I was watching a documentary on Einstein and learned that General Relativity never won a Nobel Prize. I recently chose to go back to school for astronomy but now I'm feeling like if the greatest scientific discovery in history never won a Nobel Prize, what chance to I have?
Interesting, I'm actually considering the same thing. More as a hobby and way of standing behind the one thing I'm so passionate about, because $$ and astronomy, or even realistic careers and astronomy, don't exactly go hand in hand. I simply find it so infuriating that life almost certainly exists on either Europa or Titan, the latter requiring only $300 million to explore, and we don't do it. Geez, these Hollywood movies coming out every damn week now cost almost as much as a mission to answer are we alone?
Bill Gates sends how many billions to Africa, most certainly a noble cause, but doesn't support our ascension as a species and planet. Unmanned probes that could answer the most fundamental questions of the universe wouldn't dent his bank account, he's a fellow geek/nerd/sciency guy, and yet where's his passion for science in astronomy? It seems the rich folk pushing astronomy aren't the intellectual inquisitives, but the adventurous glory hounds like Branson.

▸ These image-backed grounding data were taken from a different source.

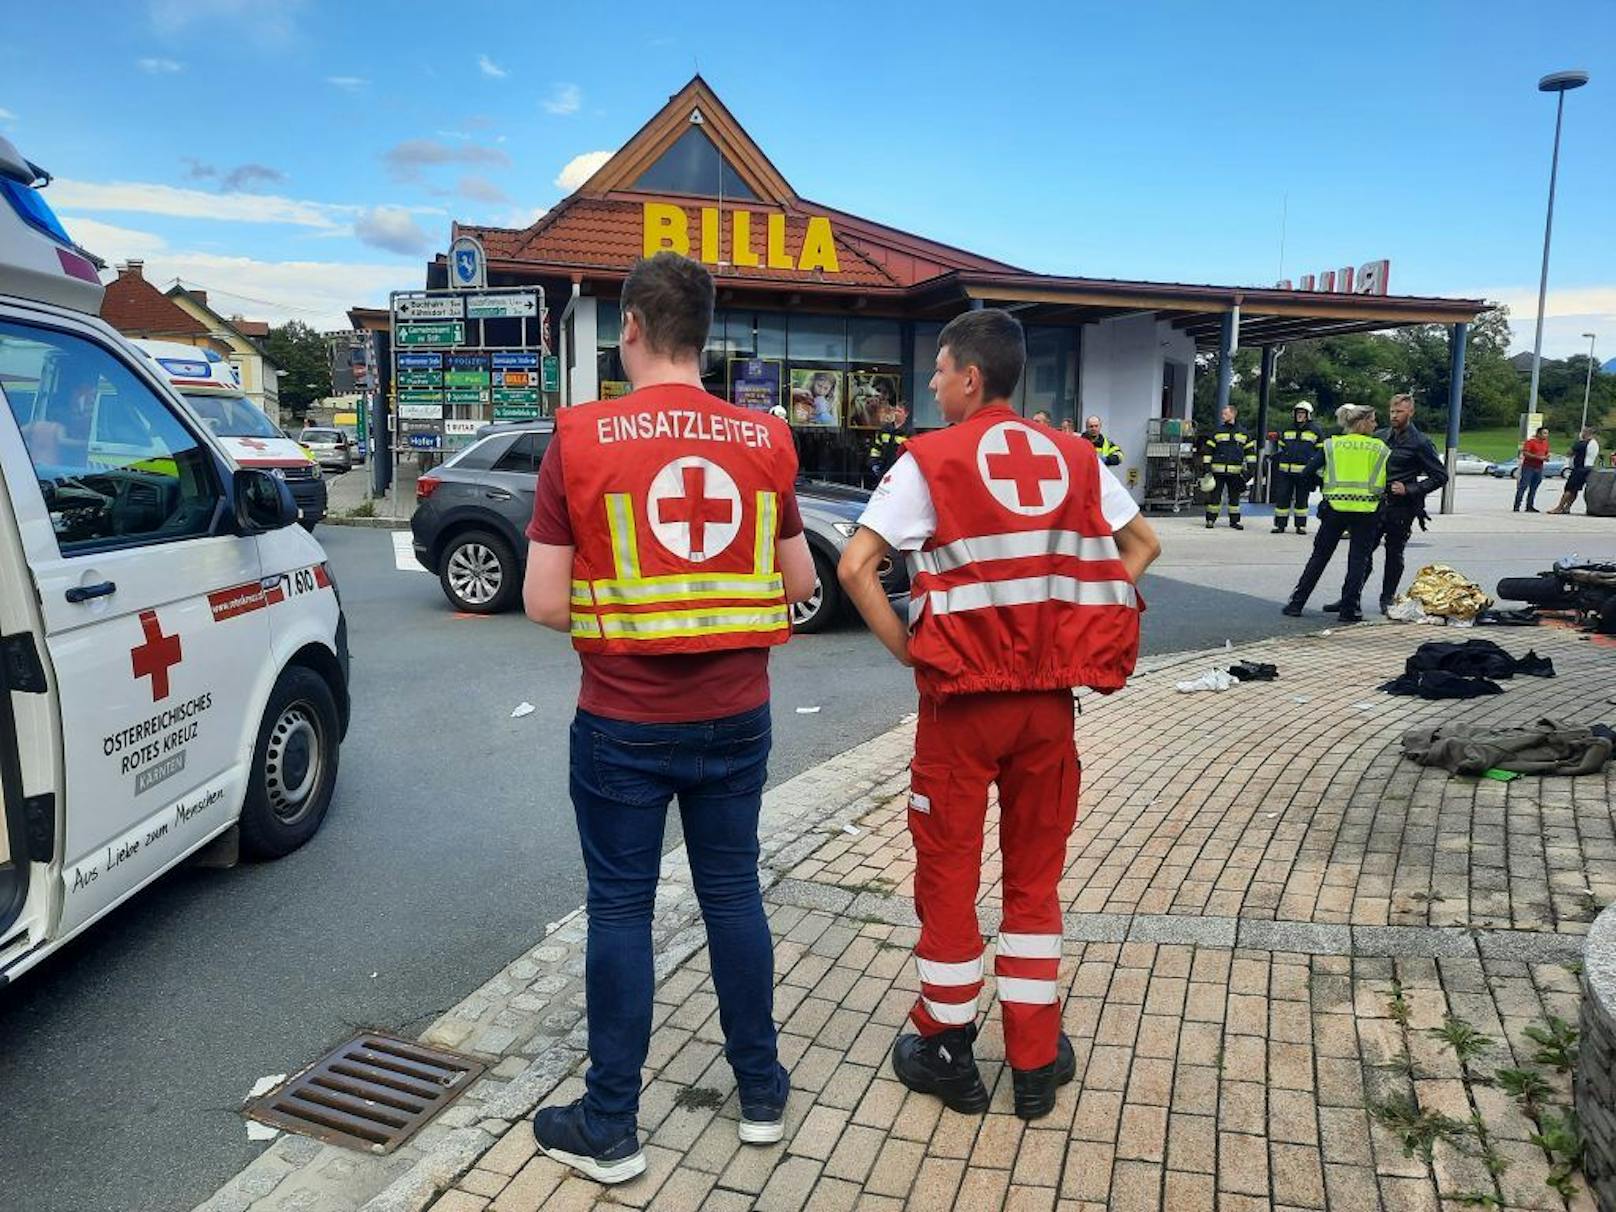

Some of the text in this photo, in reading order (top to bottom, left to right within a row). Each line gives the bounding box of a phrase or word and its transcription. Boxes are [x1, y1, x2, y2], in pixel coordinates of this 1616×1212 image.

[643, 202, 840, 272] BILLA
[597, 410, 772, 449] EINSATZLEITER
[103, 692, 212, 756] ÖSTERREICHISCHES
[122, 721, 198, 775] ROTES KREUZ
[72, 789, 224, 894] Aus Liebe zum Menschen
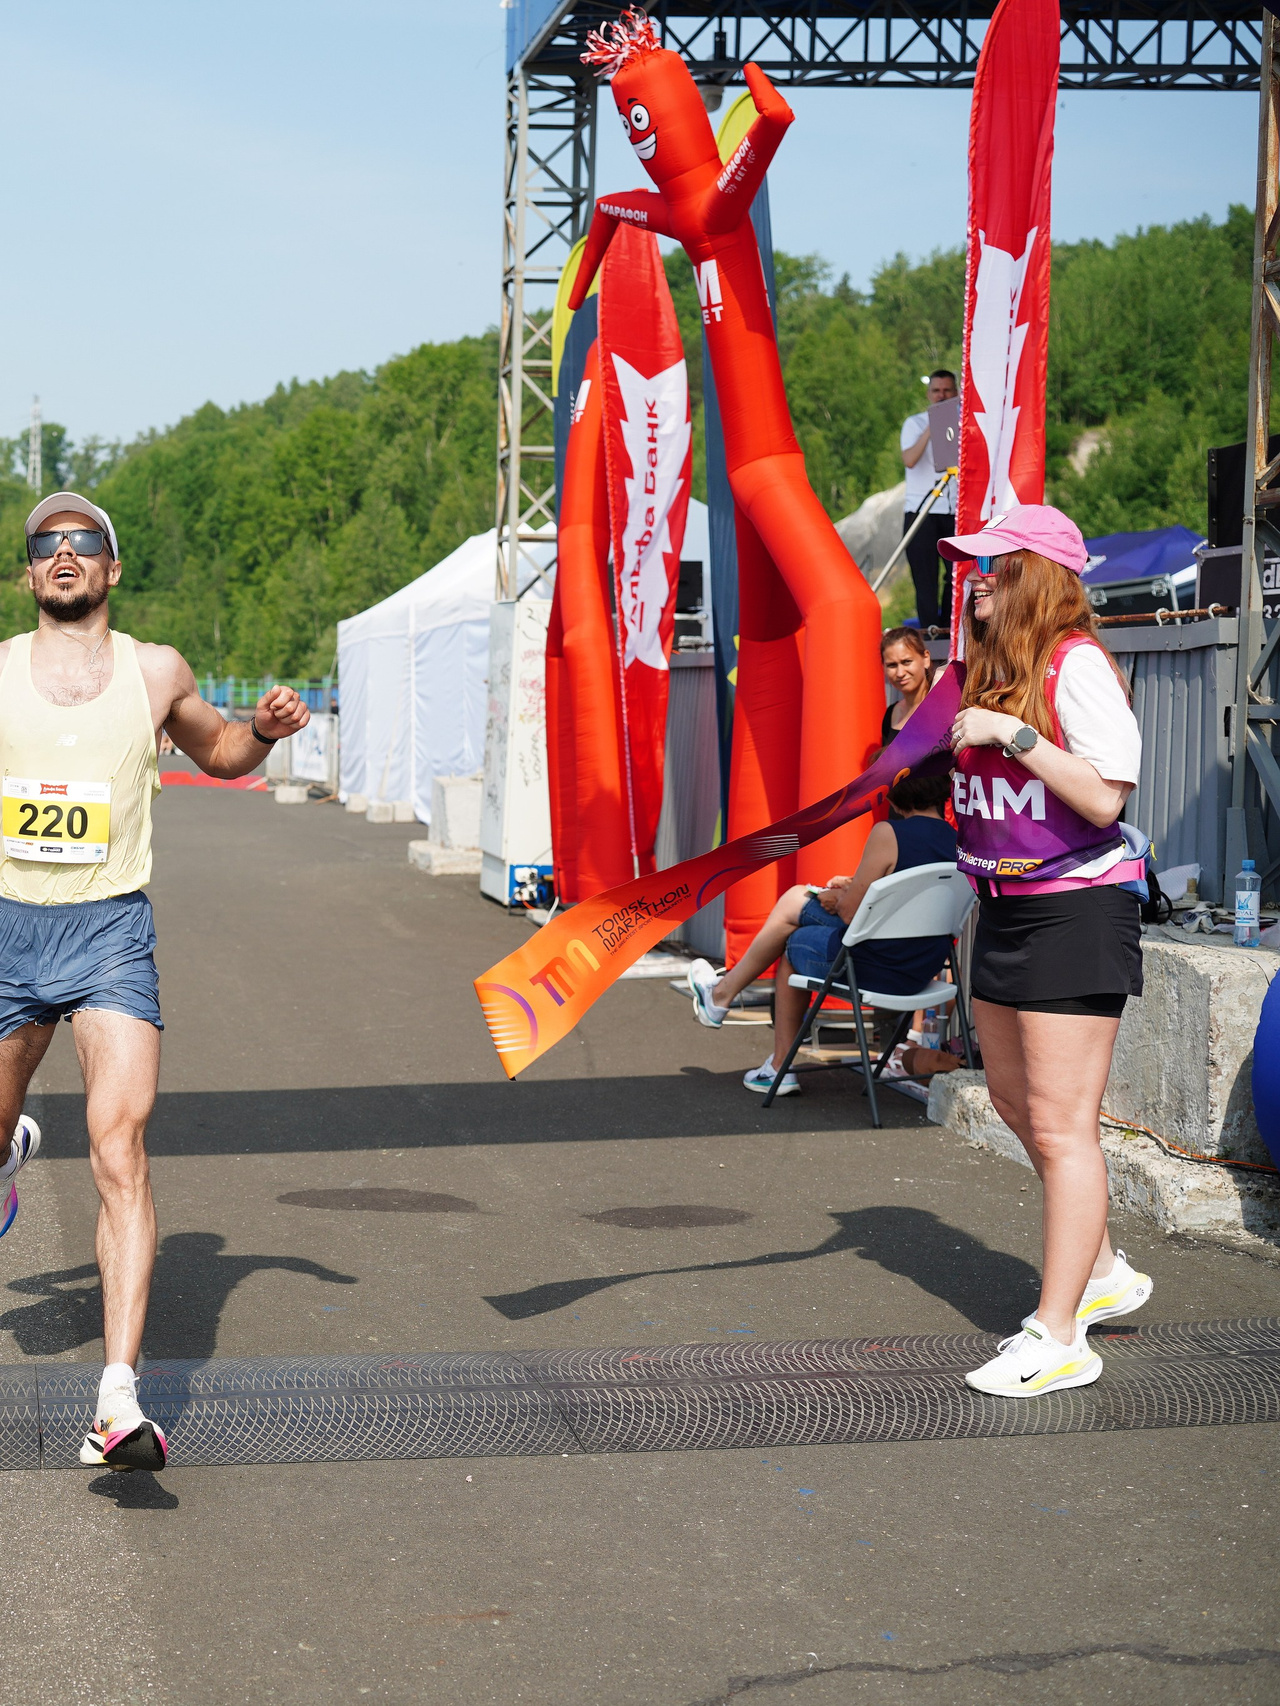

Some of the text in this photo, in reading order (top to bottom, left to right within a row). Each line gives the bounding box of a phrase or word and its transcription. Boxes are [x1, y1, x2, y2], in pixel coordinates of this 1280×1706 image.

[717, 136, 751, 191] МАРАФОН
[600, 203, 648, 222] МАРАФОН
[702, 305, 724, 325] ЕТ
[952, 772, 1046, 820] EAM
[19, 803, 88, 839] 220
[999, 861, 1039, 873] PRO
[592, 896, 648, 939] TOMSK
[602, 884, 690, 951] MARATHON
[638, 917, 654, 932] SPORT
[654, 897, 684, 919] COMMUNITY
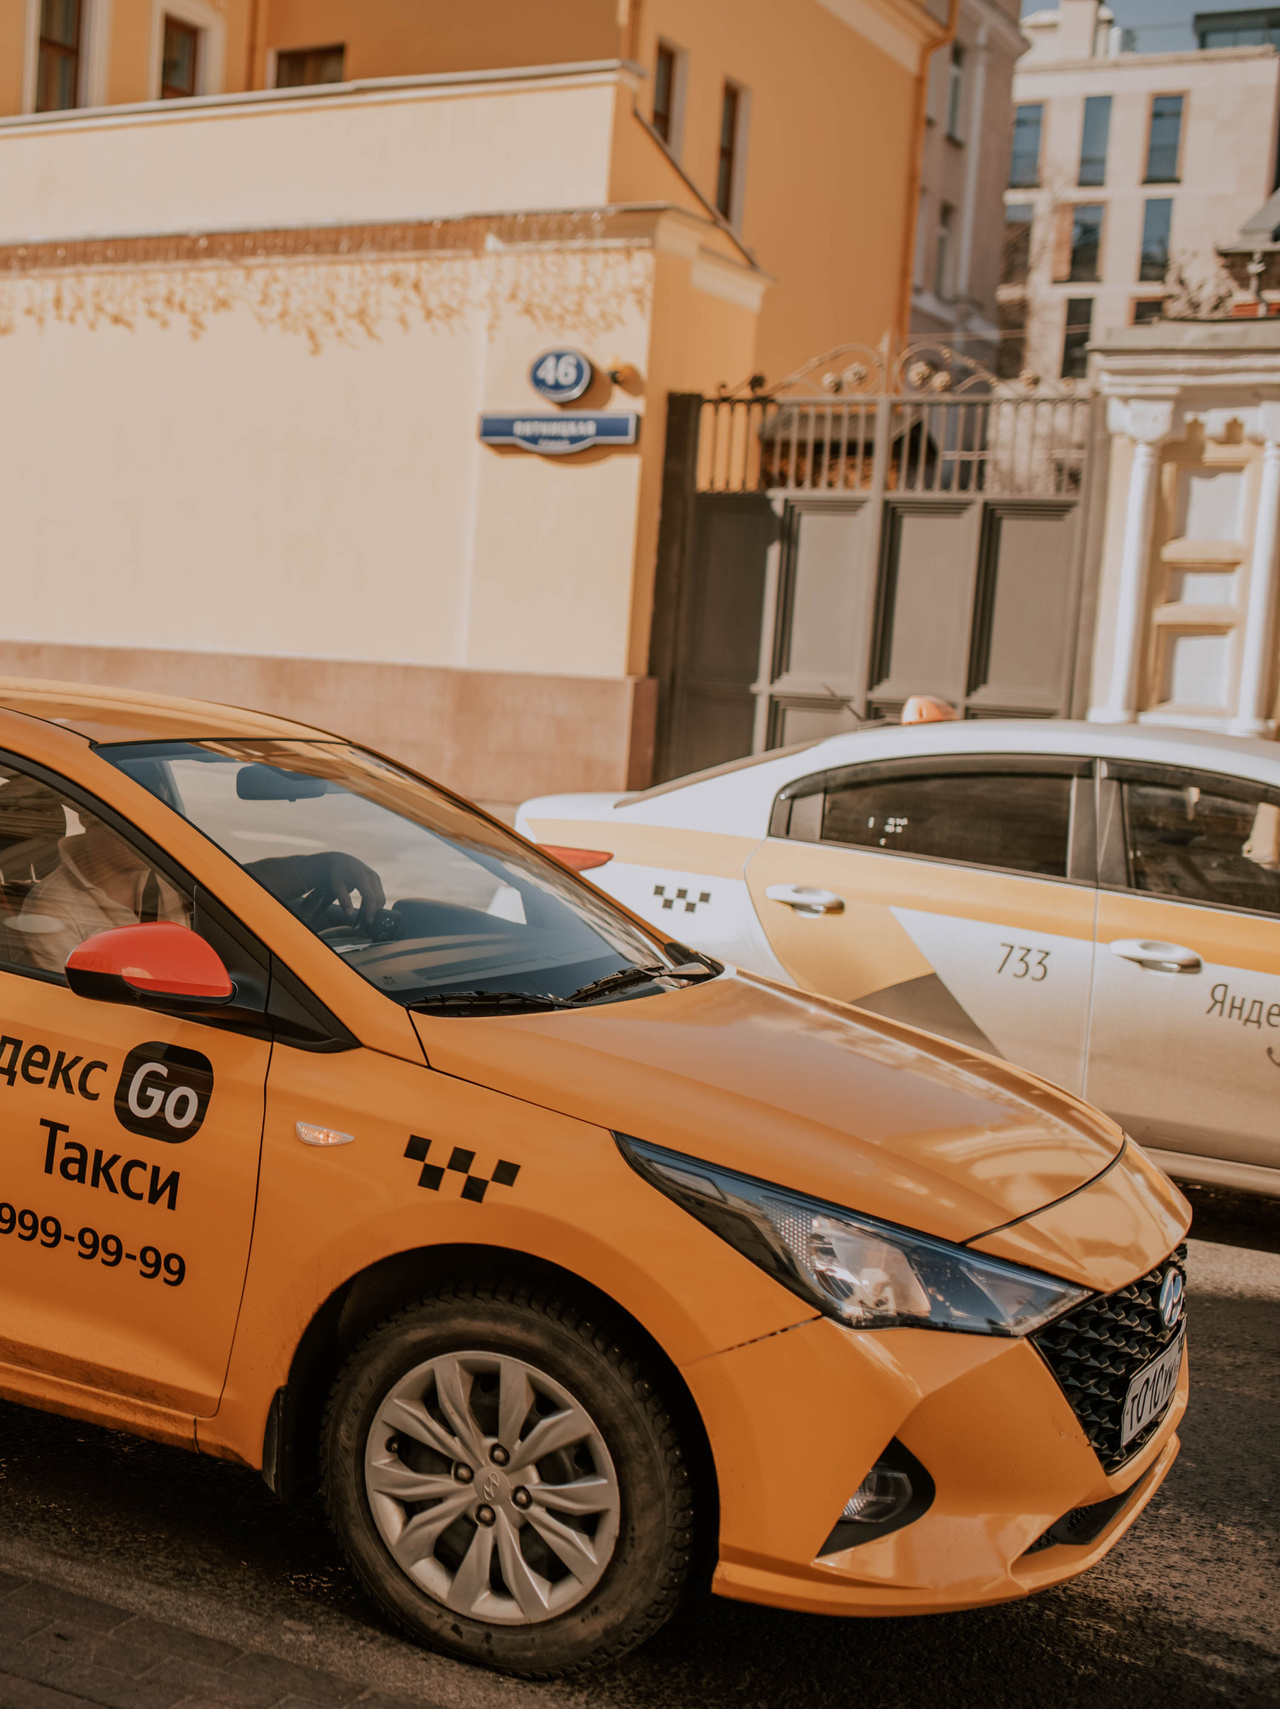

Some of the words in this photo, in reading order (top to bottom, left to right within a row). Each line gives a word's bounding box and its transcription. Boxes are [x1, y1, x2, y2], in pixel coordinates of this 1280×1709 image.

Long as I live, I will never understand why astronomy isn't only of no interest to people, but often viewed with derision - 'What we be sending alls our moneys up into them thar space for? We needs that moneys here, I wants my moneys!'
Then again, look no further than the current golden boy of public astronomy. He's actually the reason I popped in here again, watching the Europa Report just now On demand and saw a clip of him that was appalling. From Carl Sagan to Neil Tyson explains a lot. Sagan was a genius who related difficult concepts to average folks with ease and wit. Tyson? I'm sorry, the more I see the more I think he's an absolute idiot who only harms the astronomy cause. Case in point, that Europa Report clip that was taken from statements he made years prior totally unrelated to the film? Something about, "I want to go ice fishing on Europa, take one of the fish and kiss it on its lips."
Holy God. Making idiot comments like 'Going ice fishing on Europa' doesn't aid astronomy or make it more relatable to the average joe. It does, however, bring astronomy down to the idiot buffoon's level, rather than attempting to raise the masses up to fathom and get excited about space like Sagan did. You know what you say about Europa to get the public's attention and stoke demand for a mission there? One thing - just one simple thing, and it ain't ice fishing and kissing Europan fish on the lips. It's "Europa has a global ocean of liquid water mile deep. Every single planet we have explored with liquid water has life. As such, Europa is guaranteed to harbor complex life based on available evidence, until we know that it doesn't." Boom goes the dynamite. It's sensationalist enough, appealling to Joe Public, while remaining completely true and conveying the same idea behind Tyson's dumb quote.
Hell, Tyson is a proud advocate for demoting Pluto, a ridiculous and pathetic action which did more to harm astronony's reputation among the masses than anything else in modern history. It was ridiculed, the scientific community was ridiculed for it, the infighting harmed the reputation of astronomers, and it turned off many a person who learned in school of nine planets - all for no logical reason other than they could do it, so they did do it.
Tyson's comments in the aftermath, "It happened, get over it. I hear there are Pluto counselors out there for you." Tyson is the George Bush of astronomy, charismatic and affable, plenty of quips and quotes, but brings things down instead of raising others up, and equally arrogant as W. So in a sense Tyson is the perfect mouthpiece for the state of modern space exploration, shambles that it's in. Astronomy's present and future are depressing enough alone. To imagine that Mr. Ice Fishing on Europa and 'Cry-baby Plutoids' is the heir to a line which began with Einstein and continued with Sagan is enough to make a space geek suicidal.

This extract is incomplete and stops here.